Так думал Серёжа, проходя в распахнутые железные ворота школьного двора и направляясь к освещённому высокому крыльцу, к которому со всех сторон, ото всех близлежащих домов сквозь проломы в обветшавшем заборе, по тропинкам узким, как мышиные стёжки, по утоптанным заледенелым дорожкам, словно ночные мотыльки к свету, неслись стремительно неясные в сумраке фигурки.

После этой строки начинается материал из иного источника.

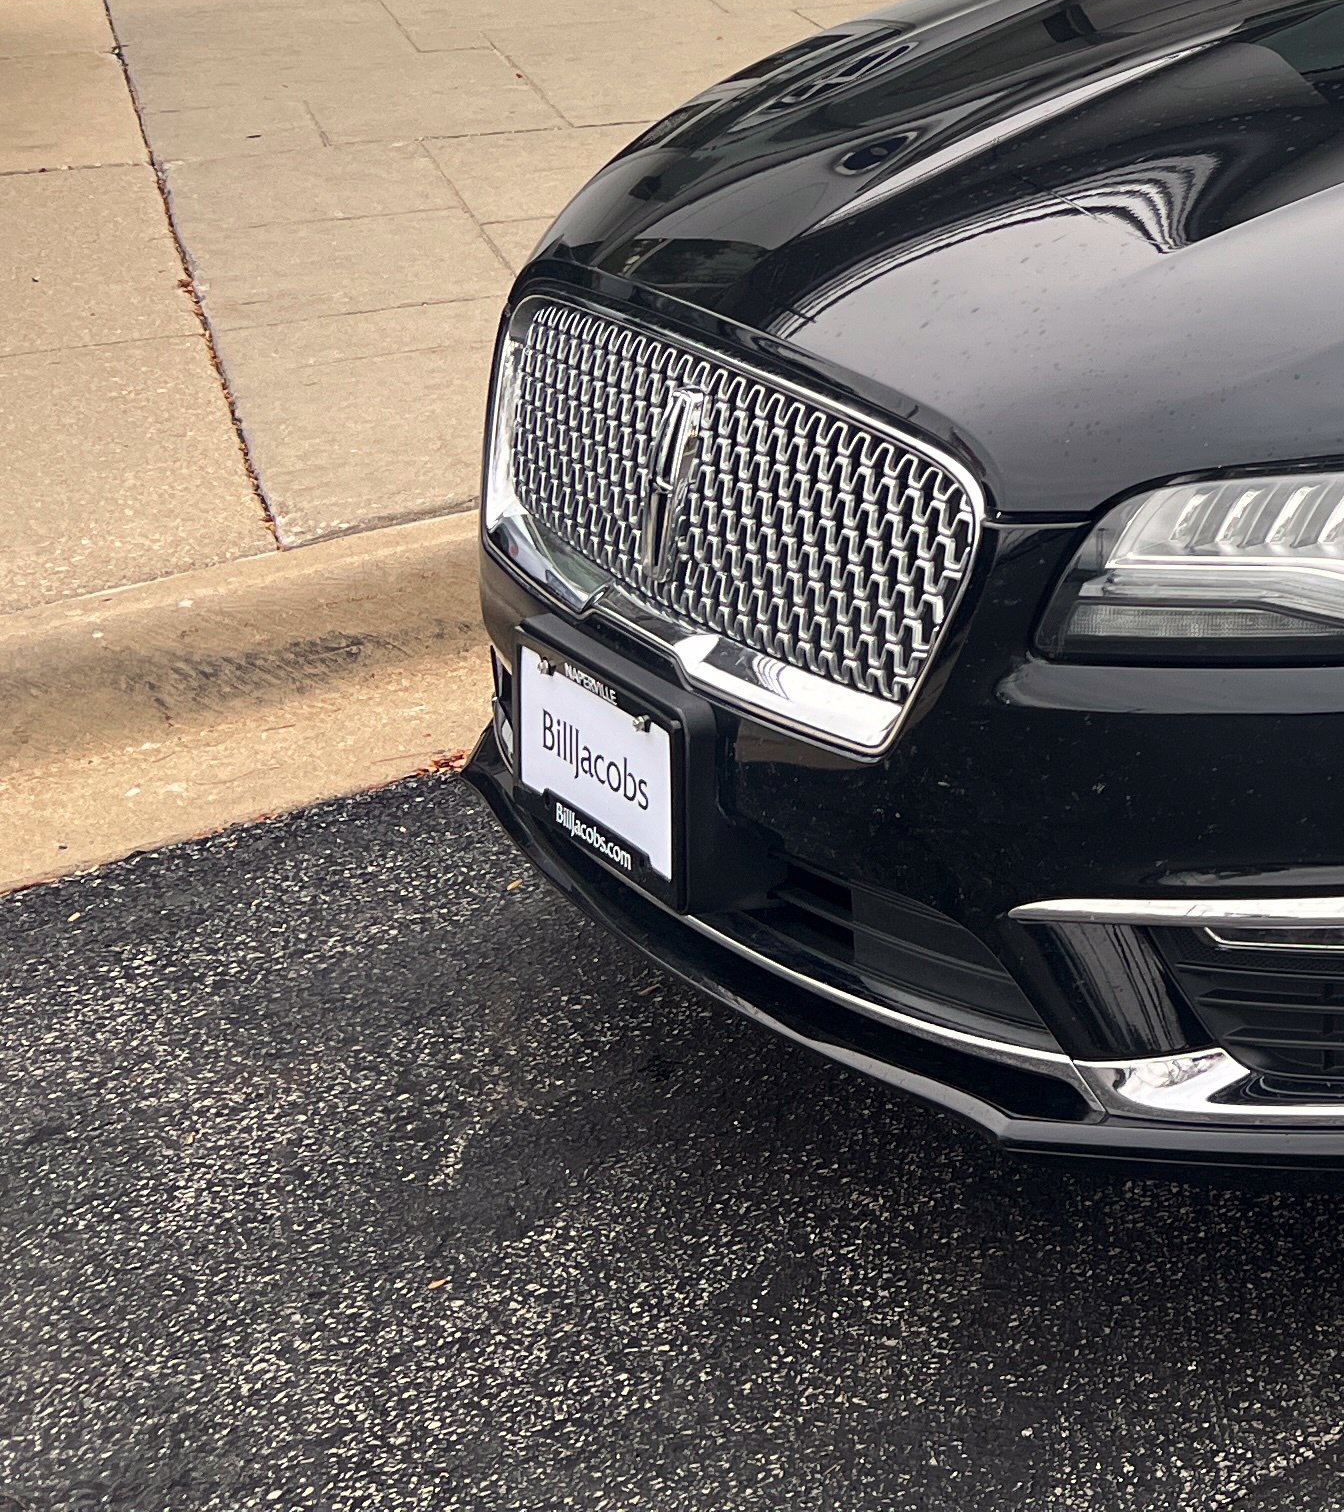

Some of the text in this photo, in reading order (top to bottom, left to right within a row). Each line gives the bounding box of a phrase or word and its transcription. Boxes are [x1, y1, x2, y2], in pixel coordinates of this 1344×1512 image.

[564, 662, 618, 706] NAPERVILLE
[542, 707, 649, 811] BillJacobs
[556, 801, 632, 871] BillJacobs.com

Но мучения и страхи оказались напрасными. Да, да! В действительности ничего не произошло. То есть совершенно ничего. Демьян, казалось, забыл о сочинении. К тому же как раз перед литературой часть ребят отправили к зубному на осмотр. И Демьян увязался вместе с ними. Серёжа ждал, что Демьян появится после второго, после третьего, после четвёртого урока, и вот тогда… Но Демьян не появился. Вообще в этот день его больше не видели в школе.
«А может быть, я всё выдумал сам? — рассуждал про себя Серёжа, возвращаясь домой после занятий. — Может быть, и правда, не было ничего — ни сквера, ни сочинения? И Демьян по-прежнему тихий хорошист, который и мухи не обидит».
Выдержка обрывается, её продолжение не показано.